100 % this. I've created dozens of projects with SE-2 (that don't look like SE-2!), and there is no better customization than editing the de component itself if you need it. I think this is also the reason why things like In any case, I think it makes sense to rethink some of the props & display for the components. Maybe having a more standardized way of using the components (sizes, classNames, wrapperClassNames?). Anything that makes the codebase simpler / cleaner + more intuitive to use. |
Yes, but sometimes you need the same component with different styles or behaviors, so having some customization available in the component is useful.

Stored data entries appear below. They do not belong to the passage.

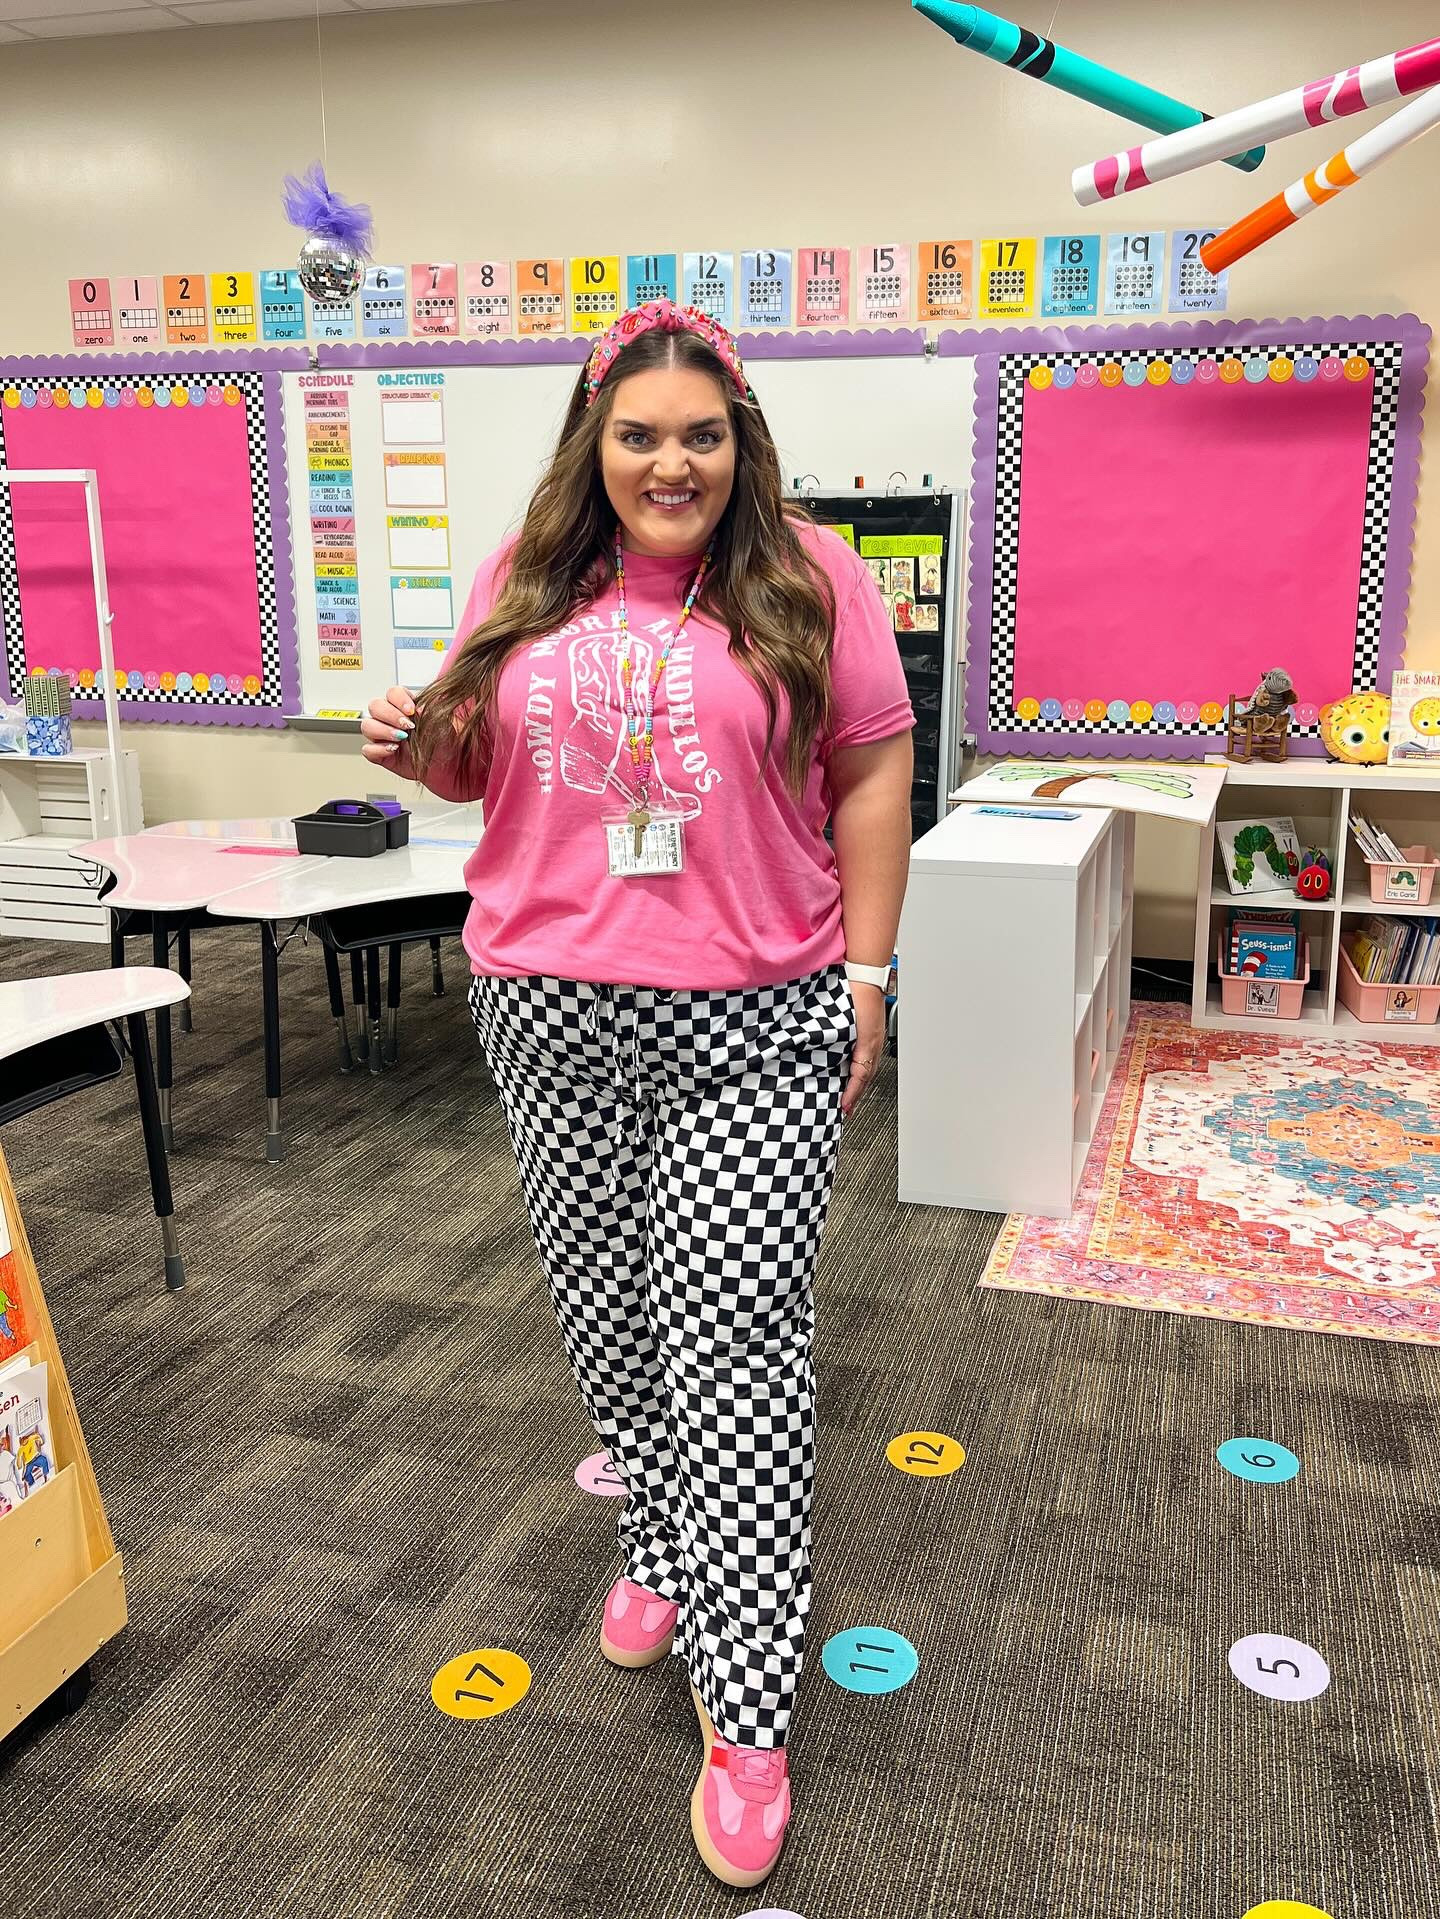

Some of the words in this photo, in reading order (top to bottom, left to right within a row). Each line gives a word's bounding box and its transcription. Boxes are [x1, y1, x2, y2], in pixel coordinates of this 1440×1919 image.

[997, 241, 1020, 267] 17
[1061, 239, 1084, 264] 18
[1123, 236, 1150, 262] 19
[873, 248, 894, 273] 15
[934, 244, 957, 270] 16
[645, 257, 659, 281] 11
[699, 255, 718, 279] 12
[756, 252, 776, 277] 13
[813, 251, 835, 276] 14
[428, 266, 441, 289] 7
[481, 264, 494, 288] 8
[532, 262, 549, 286] 9
[585, 260, 606, 284] 10
[275, 272, 289, 294] 4
[376, 268, 389, 289] 6
[82, 282, 97, 303] 0
[133, 279, 139, 301] 1
[178, 278, 191, 300] 2
[226, 275, 238, 298] 3
[1052, 304, 1087, 314] eighteen
[1115, 302, 1151, 310] nineteen
[1183, 298, 1213, 308] twenty
[749, 313, 782, 323] thirteen
[806, 313, 840, 322] fourteen
[869, 309, 898, 320] fifteen
[929, 307, 959, 317] sixteen
[378, 324, 391, 334] six
[423, 324, 450, 333] seven
[477, 321, 500, 333] eight
[532, 320, 553, 330] nine
[589, 320, 604, 329] ten
[179, 332, 196, 342] two
[223, 330, 248, 340] three
[274, 328, 294, 338] four
[325, 326, 343, 337] five
[84, 336, 104, 345] zero
[132, 334, 149, 343] one
[298, 375, 354, 387] SCHEDULE
[377, 373, 445, 386] OBJECTIVES
[311, 473, 336, 482] READING
[335, 505, 353, 513] DOWN
[313, 520, 338, 529] WRITING
[391, 516, 429, 527] WRITING
[862, 538, 894, 555] Yes,
[333, 597, 357, 606] SCIENCE
[319, 612, 336, 621] MATH
[333, 627, 358, 636] PACK-UP
[332, 658, 360, 666] DISMISSAL
[1396, 674, 1410, 684] THE
[1414, 674, 1440, 686] SMART
[524, 672, 558, 794] HOWDY
[1241, 938, 1292, 952] Seuss-isms!
[904, 1440, 946, 1467] 12
[1240, 1452, 1276, 1468] 6
[849, 1642, 895, 1674] 11
[1256, 1656, 1300, 1678] 5
[456, 1662, 505, 1703] 17
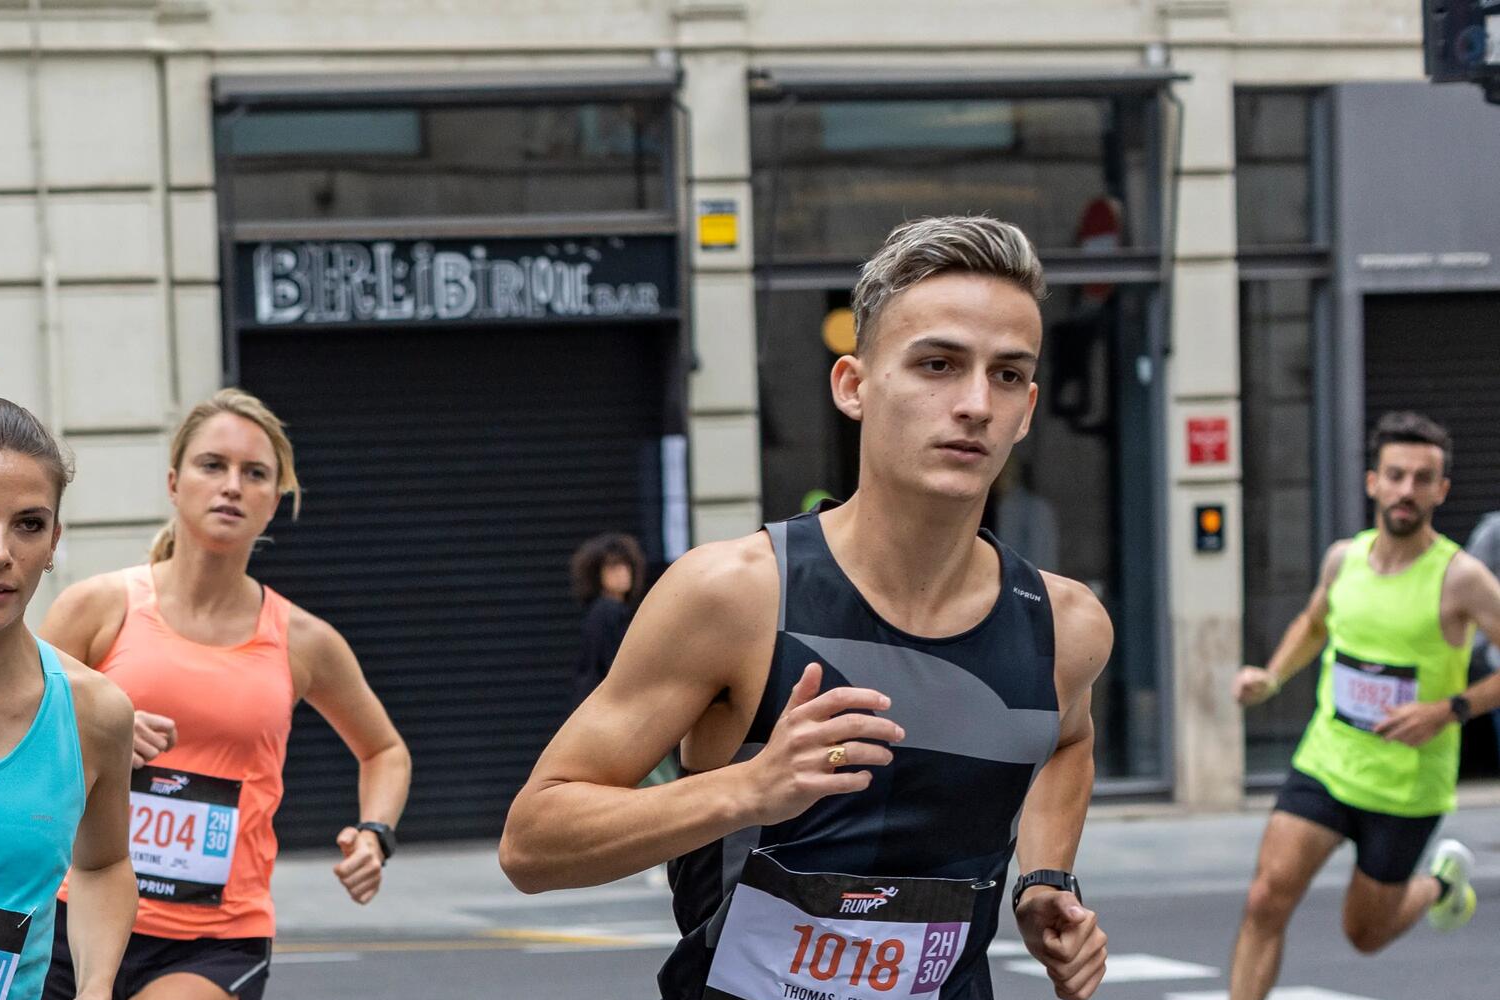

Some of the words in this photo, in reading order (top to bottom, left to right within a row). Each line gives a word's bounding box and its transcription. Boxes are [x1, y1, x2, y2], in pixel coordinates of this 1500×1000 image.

[1013, 586, 1041, 602] KIPRUN
[208, 811, 230, 831] 2H
[206, 831, 227, 851] 30
[839, 899, 872, 914] RUN
[925, 931, 955, 957] 2H
[789, 924, 905, 992] 1018
[918, 958, 947, 984] 30
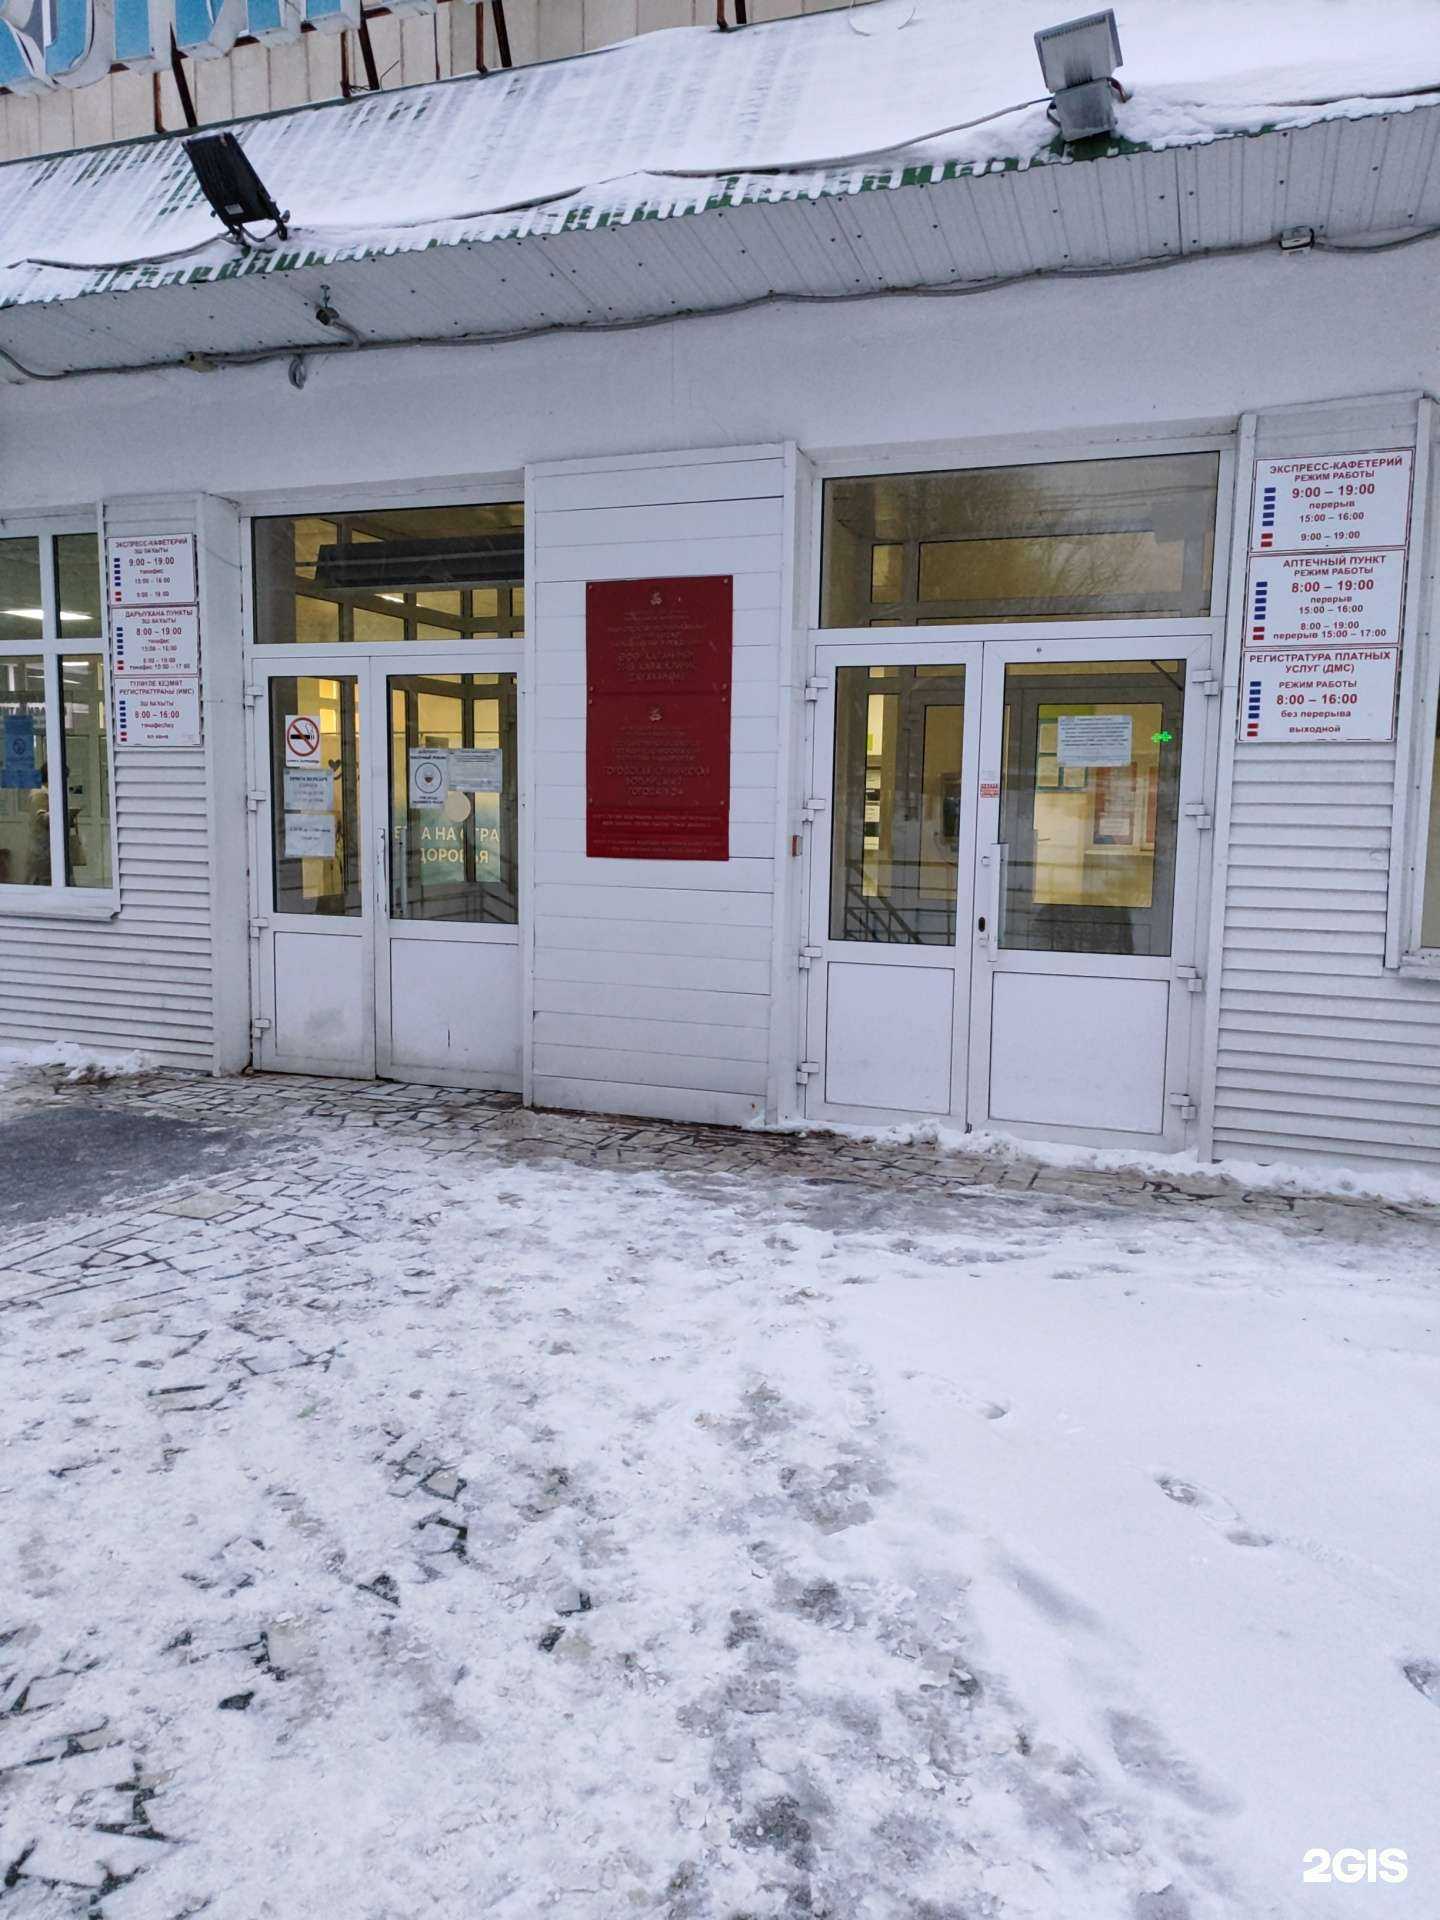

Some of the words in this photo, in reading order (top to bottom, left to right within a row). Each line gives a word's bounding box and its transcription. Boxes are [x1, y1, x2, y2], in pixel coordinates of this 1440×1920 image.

[1270, 456, 1402, 474] ЭКСПРЕСС-КАФЕТЕРИЙ
[1294, 474, 1330, 482] РЕЖИМ
[1333, 470, 1374, 479] РАБОТЫ
[1292, 487, 1321, 499] 9:00
[1338, 483, 1375, 496] 19:00
[1309, 501, 1355, 511] перерыв
[1300, 514, 1326, 523] 15:00
[1338, 512, 1365, 521] 16:00
[1301, 533, 1322, 541] 9:00
[1334, 531, 1360, 539] 19:00
[128, 558, 145, 566] 9:00
[154, 557, 175, 565] 19:00
[1283, 557, 1346, 568] АПТЕЧНЫЙ
[1350, 555, 1386, 565] ПУНКТ
[1294, 569, 1329, 577] РЕЖИМ
[1332, 566, 1373, 575] РАБОТЫ
[1291, 581, 1320, 593] 8:00
[1338, 579, 1374, 591] 19:00
[1310, 596, 1352, 605] перерыв
[1299, 606, 1325, 615] 15:00
[1337, 605, 1364, 613] 16:00
[1300, 622, 1321, 631] 8:00
[1333, 621, 1360, 629] 19:00
[136, 628, 152, 636] 8:00
[161, 627, 182, 635] 19:00
[1274, 632, 1318, 641] перерыв
[1322, 630, 1348, 639] 15:00
[1360, 629, 1386, 637] 17:00
[1250, 653, 1331, 663] РЕГИСТРАТУРА
[1335, 652, 1391, 661] ПЛАТНЫХ
[1286, 664, 1320, 674] УСЛУГ
[1323, 663, 1355, 674] (ДМС)
[1279, 681, 1313, 689] РЕЖИМ
[1316, 680, 1357, 688] РАБОТЫ
[1276, 694, 1304, 705] 8:00
[1322, 693, 1358, 704] 16:00
[135, 711, 151, 719] 8:00
[160, 710, 180, 719] 16:00
[1281, 710, 1297, 718] без
[1300, 710, 1351, 719] перерыва
[1289, 725, 1340, 734] выходной

Yes, I think this is the main issue to resolve because if you look at the current components some of them have a className property, another one has a size property, and another one does not have any style-related property. Anyway, as you said, having the components code there, the users can make any change they want, so I think that making these changes is not so important right now. |
This has happened to me too. Usually I just add an extra prop... Or even I duplicate the component if the behavior is too different. Getting the correct abstraction & level of customizability is super hard and you almost never get 100% what you want. That's what I think simple components that you can tinker with (again, thinking that components are inside SE2 codebase, not in a external lib) are the way to go for SE-2. Let's make them better tho! |
Really glad to see all the discussion surrounding this topic! @carletex Those are really fair points and it makes sense not to go entirely down that route. Regardless, I think as we continue to see Dapps evolve and get more complex, then the SE2 codebase should be able to support the complexity. I've already ran into a few situations where I've had to deviate from the SE2 hooks and interact directly with Wagmi/Viem. Which is fine, but damn it would've been nice to continue to use SE2 hooks for their effectiveness/usability. The frontend components should follow the same principles too IMO. Anywho, sounds like we need to find a less intrusive and complex way of making more customizable components. I'll investigate a bit and see if I can cook something good up! |
I think SE-2 supports creating complex projects pretty well, since the codebase is clean & simple (so it's easy to understand & tweak & extend). If you over-engineer components / hooks / utils, you end with a more complex codebase (harder to understand & harder to maintain) and a high chance that you end with some bad abstractions (that won't cover all the use cases either). Also, not beginner-friendly, which is one of the key points for SE-2. I think that it's why we closed #773, it started concise (just tweaking the some prop in the Address component) but then it derived in 11 files changed PR with component renaming, new components and some code smells. If we did that for every component / hook the SE-2 codebase will be rough. (Please don't take this personally, just trying to give you some more context about SE-2 that might help for future contributions.)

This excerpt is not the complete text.